*** Opening of Available records ***

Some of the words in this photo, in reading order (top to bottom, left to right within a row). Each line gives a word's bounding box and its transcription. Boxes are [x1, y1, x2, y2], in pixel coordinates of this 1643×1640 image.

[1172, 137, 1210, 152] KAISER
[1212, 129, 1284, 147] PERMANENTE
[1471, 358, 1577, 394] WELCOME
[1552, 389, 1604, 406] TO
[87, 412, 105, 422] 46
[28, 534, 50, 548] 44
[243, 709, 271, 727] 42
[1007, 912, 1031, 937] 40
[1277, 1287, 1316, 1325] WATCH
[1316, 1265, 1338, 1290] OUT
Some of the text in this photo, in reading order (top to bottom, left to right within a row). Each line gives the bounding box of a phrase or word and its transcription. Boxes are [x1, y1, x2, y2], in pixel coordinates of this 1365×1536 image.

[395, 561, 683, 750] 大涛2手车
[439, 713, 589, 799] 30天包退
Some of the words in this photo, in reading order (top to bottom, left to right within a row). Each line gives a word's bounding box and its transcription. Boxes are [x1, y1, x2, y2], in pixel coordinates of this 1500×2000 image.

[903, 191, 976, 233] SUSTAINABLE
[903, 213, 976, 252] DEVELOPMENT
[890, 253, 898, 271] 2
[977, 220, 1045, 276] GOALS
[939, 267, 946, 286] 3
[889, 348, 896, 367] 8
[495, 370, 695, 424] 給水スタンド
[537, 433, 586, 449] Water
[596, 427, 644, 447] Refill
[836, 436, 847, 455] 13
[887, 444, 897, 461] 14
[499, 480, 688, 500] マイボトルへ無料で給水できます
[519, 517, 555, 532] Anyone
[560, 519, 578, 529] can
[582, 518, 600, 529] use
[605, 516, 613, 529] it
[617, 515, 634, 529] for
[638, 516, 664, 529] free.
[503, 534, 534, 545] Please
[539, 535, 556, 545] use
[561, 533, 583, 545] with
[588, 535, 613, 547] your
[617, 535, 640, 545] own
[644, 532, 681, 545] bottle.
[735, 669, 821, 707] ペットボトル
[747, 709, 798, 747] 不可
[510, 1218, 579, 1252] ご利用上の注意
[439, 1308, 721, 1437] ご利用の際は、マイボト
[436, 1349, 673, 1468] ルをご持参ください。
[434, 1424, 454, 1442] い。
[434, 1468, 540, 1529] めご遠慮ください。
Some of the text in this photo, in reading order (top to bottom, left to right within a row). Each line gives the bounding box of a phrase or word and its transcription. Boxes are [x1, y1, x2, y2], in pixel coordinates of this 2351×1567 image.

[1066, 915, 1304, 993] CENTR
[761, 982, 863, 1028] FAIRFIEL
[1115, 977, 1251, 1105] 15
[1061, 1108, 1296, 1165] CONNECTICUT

*** Close of Available records ***

| What is being asked |
Return all of the data precisely as it appears.

| Your solution |
Some of the words in this photo, in reading order (top to bottom, left to right within a row). Each line gives a word's bounding box and its transcription. Boxes are [x1, y1, x2, y2], in pixel coordinates of this 1643×1640 image.

[1172, 137, 1210, 152] KAISER
[1212, 129, 1284, 147] PERMANENTE
[1471, 358, 1577, 394] WELCOME
[1552, 389, 1604, 406] TO
[87, 412, 105, 422] 46
[28, 534, 50, 548] 44
[243, 709, 271, 727] 42
[1007, 912, 1031, 937] 40
[1277, 1287, 1316, 1325] WATCH
[1316, 1265, 1338, 1290] OUT
Some of the text in this photo, in reading order (top to bottom, left to right within a row). Each line gives the bounding box of a phrase or word and its transcription. Boxes are [x1, y1, x2, y2], in pixel coordinates of this 1365×1536 image.

[395, 561, 683, 750] 大涛2手车
[439, 713, 589, 799] 30天包退
Some of the words in this photo, in reading order (top to bottom, left to right within a row). Each line gives a word's bounding box and its transcription. Boxes are [x1, y1, x2, y2], in pixel coordinates of this 1500×2000 image.

[903, 191, 976, 233] SUSTAINABLE
[903, 213, 976, 252] DEVELOPMENT
[890, 253, 898, 271] 2
[977, 220, 1045, 276] GOALS
[939, 267, 946, 286] 3
[889, 348, 896, 367] 8
[495, 370, 695, 424] 給水スタンド
[537, 433, 586, 449] Water
[596, 427, 644, 447] Refill
[836, 436, 847, 455] 13
[887, 444, 897, 461] 14
[499, 480, 688, 500] マイボトルへ無料で給水できます
[519, 517, 555, 532] Anyone
[560, 519, 578, 529] can
[582, 518, 600, 529] use
[605, 516, 613, 529] it
[617, 515, 634, 529] for
[638, 516, 664, 529] free.
[503, 534, 534, 545] Please
[539, 535, 556, 545] use
[561, 533, 583, 545] with
[588, 535, 613, 547] your
[617, 535, 640, 545] own
[644, 532, 681, 545] bottle.
[735, 669, 821, 707] ペットボトル
[747, 709, 798, 747] 不可
[510, 1218, 579, 1252] ご利用上の注意
[439, 1308, 721, 1437] ご利用の際は、マイボト
[436, 1349, 673, 1468] ルをご持参ください。
[434, 1424, 454, 1442] い。
[434, 1468, 540, 1529] めご遠慮ください。
Some of the text in this photo, in reading order (top to bottom, left to right within a row). Each line gives the bounding box of a phrase or word and its transcription. Boxes are [x1, y1, x2, y2], in pixel coordinates of this 2351×1567 image.

[1066, 915, 1304, 993] CENTR
[761, 982, 863, 1028] FAIRFIEL
[1115, 977, 1251, 1105] 15
[1061, 1108, 1296, 1165] CONNECTICUT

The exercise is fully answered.